The Simons Foundation is pleased to announce the latest recipients of its Scientific Software Research Faculty Fellowships. These fellowships support the creation of new software-focused positions at academic institutions. In these positions, researchers can develop scientific and mathematical software that will play a crucial role in enabling discoveries through data analysis, simulations, visualizations and calculations.
The fellowships provide the fellows’ home institutions with 50 percent salary and benefits support for the creation of the new positions. In addition, the fellows will each receive a $50,000 research allowance. The fellowships are funded by Simons Foundation International and administered by the Simons Foundation.
Through these fellowships, the Simons Foundation aims to stimulate the development and maintenance of core scientific software infrastructure in academic environments by creating a new, long-term, faculty-level career path.

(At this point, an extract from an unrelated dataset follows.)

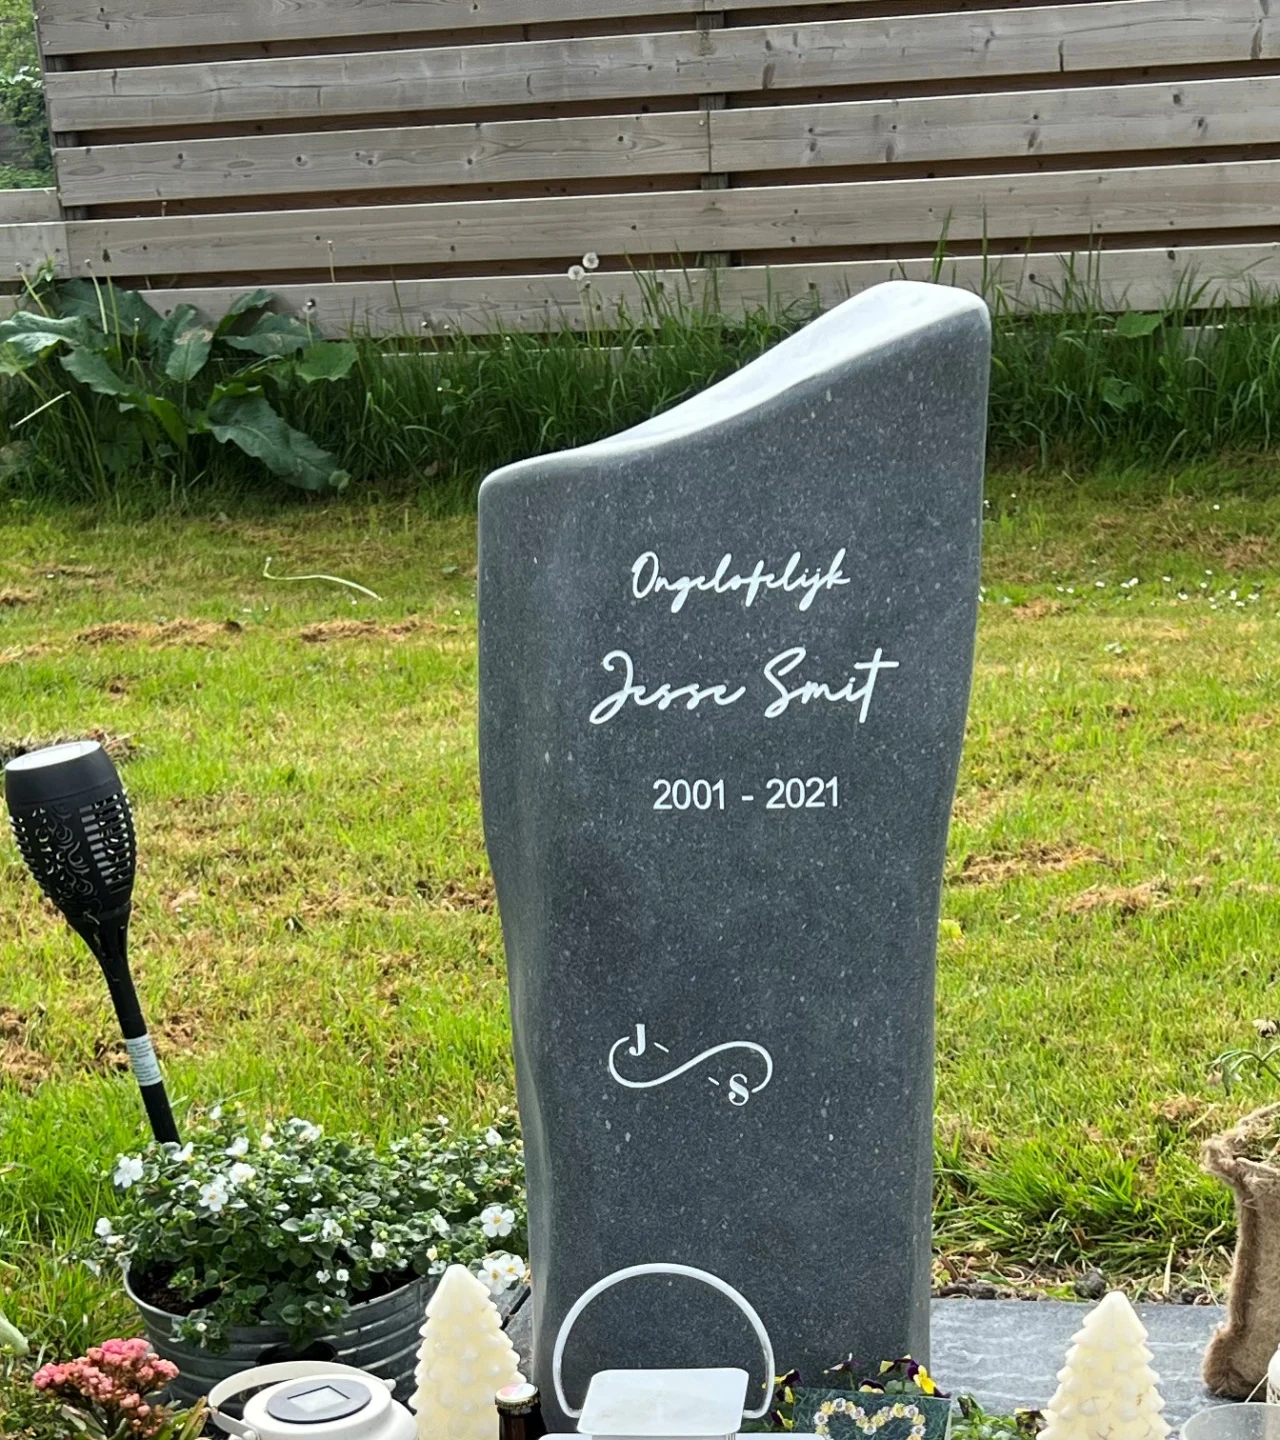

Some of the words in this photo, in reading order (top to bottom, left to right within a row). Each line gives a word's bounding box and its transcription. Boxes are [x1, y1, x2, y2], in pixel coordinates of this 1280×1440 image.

The three new fellows are:
Alex Edison is a research assistant professor at Northwestern University, specializing in perturbative field theories with a particular focus on Yang–Mills and gravity. As a fellow, he will develop a robust, open-source framework for generalized unitarity methods and double-copy constructions in quantum field theory that will bring together various QFT concepts with specialized graph-theoretic manipulations and polynomial and rational algebra.
Christopher Karwin is an assistant professor of physics and astronomy at Clemson University specializing in observational gamma-ray astronomy. As a fellow, he will help develop and maintain cutting-edge software to unlock the potential of a new generation of gamma-ray telescopes, focusing on NASA’s upcoming COSI mission, allowing scientists to probe some of the most fundamental mysteries of the Universe such as how elements are formed in stars, how cosmic rays shape galaxies, and how antimatter is produced.
Meg Millhouse is a research scientist at the Georgia Institute of Technology whose work focuses on flexible methods for modeling both astrophysical signals and noise in gravitational-wave detector data. As a fellow, she will seek to improve the scalability and long-term sustainability of BayesWave, a Bayesian inference tool that jointly models gravitational-wave signals and instrumental glitches using a transdimensional Markov chain Monte Carlo sampler.